Kurt softly smiled as Blaine was finally drifting off to sleep. "I love you, too." He whispered back, closing his eyes, too. A part of him wanted to stay with Blaine and not have to face his parents' questions but he knew that he couldn't do that. So after making sure that Blaine was fully asleep, Kurt slipped out from under Blaine. He quietly left the room and made his way to the living room to see his parents watching TV with the volume on low. He softly cleared his throat and both of his parents immediately turned towards him.
"First of all, I want you guys to know that this was the only time Blaine has relapsed since getting out of rehab. And as you witnessed earlier, that guy was a scumbag." Kurt quietly spoke, moving to sit on the chair across his parents. "I truly believe that he didn't want this. He was doing so good with his recovery. I don't want you guys to think that he's reverting back to his old ways."
Carole leaned forward, reaching for Kurt's hand. "I get it. I know that this is hard, for the both of you. You're never really cured of addiction."
BLAINE ANDERSON
It didn't take long for Blaine to fall asleep, his body curled in close to Kurt's. It was strange - he'd never really slept off a high before. Whenever he used with James, it was because they wanted to experience the high. But his sleep was dreamless and it felt like hours later when he woke up. The room was a little darker and he wasn't sure how long he'd been asleep.

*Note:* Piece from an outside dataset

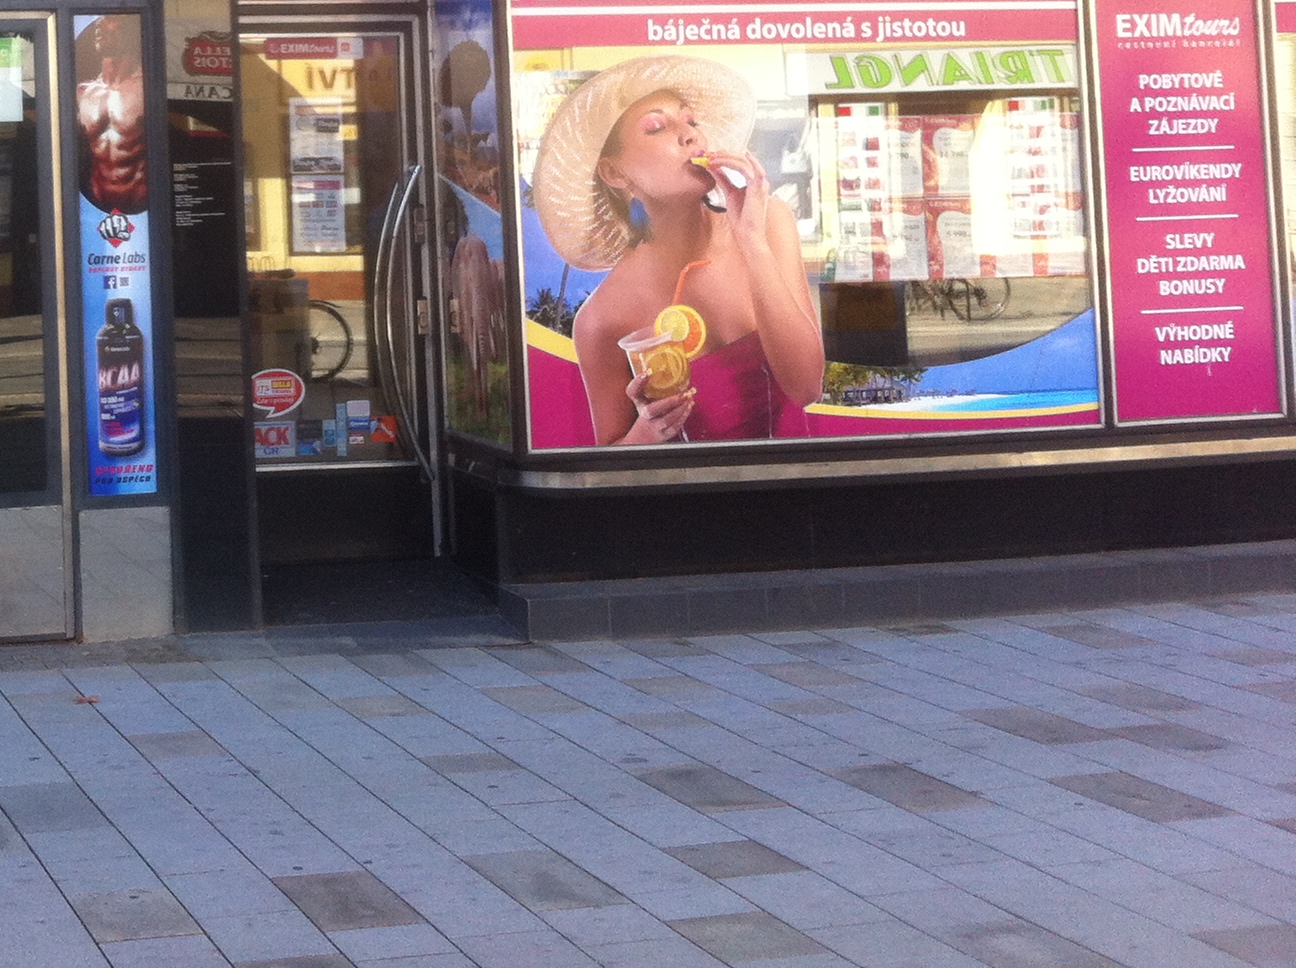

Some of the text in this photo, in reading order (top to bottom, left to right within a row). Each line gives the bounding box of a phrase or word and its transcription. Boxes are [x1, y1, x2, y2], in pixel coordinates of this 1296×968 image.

But Kurt was gone, obviously in another room with his parents or something, and Ella had found her way into the bed. She was laying beside him, not quite asleep, her body pressing against his. It was a strange position they were in, but Blaine realised she was laying in a way in which she could feel his breathing. She was making sure he was okay and the thought brought tears to his eyes.
"Hey, little one," he said quietly, smiling faintly as she peeked her head up, licking his cheek. He brought a hand up to scratch behind her ear and sat up, rubbing his eyes. He knew he was no longer high. That had worn off. But now he was experiencing the come down and it made his stomach churn. Very slowly, Blaine got to his feet, swaying a little. He made his way out of the bedroom, Ella hot on his heels, but stopped just before he went into the living room, able to hear Kurt and his parents talking in there.
KURT HUMMEL
Kurt couldn't help but notice how quiet his dad had been this entire time. He was afraid to ask him what he was thinking but he needed to know if his dad was upset or not. He looked over at his dad, biting his lip. Burt noticed the anxious look on his son's face and took a deep breath. "I'm not mad. I recognize that look on your face." Burt smirked, rubbing his face. "We could tell from the moment we saw Blaine that he didn't chose to relapse. I know he's a good kid. And I know that you wouldn't have let him back into your heart, if you didn't believe that his addictive lifestyle was in the past. I was just thinking that maybe we should check into a hotel."
Kurt quickly shook his head. "No, dad, you guys don't have to do that. Especially since it's probably going to cost a lot to get a room so late." He felt bad that his parents already paid so much money for a flight. He didn't want them to have to spent money on a hotel.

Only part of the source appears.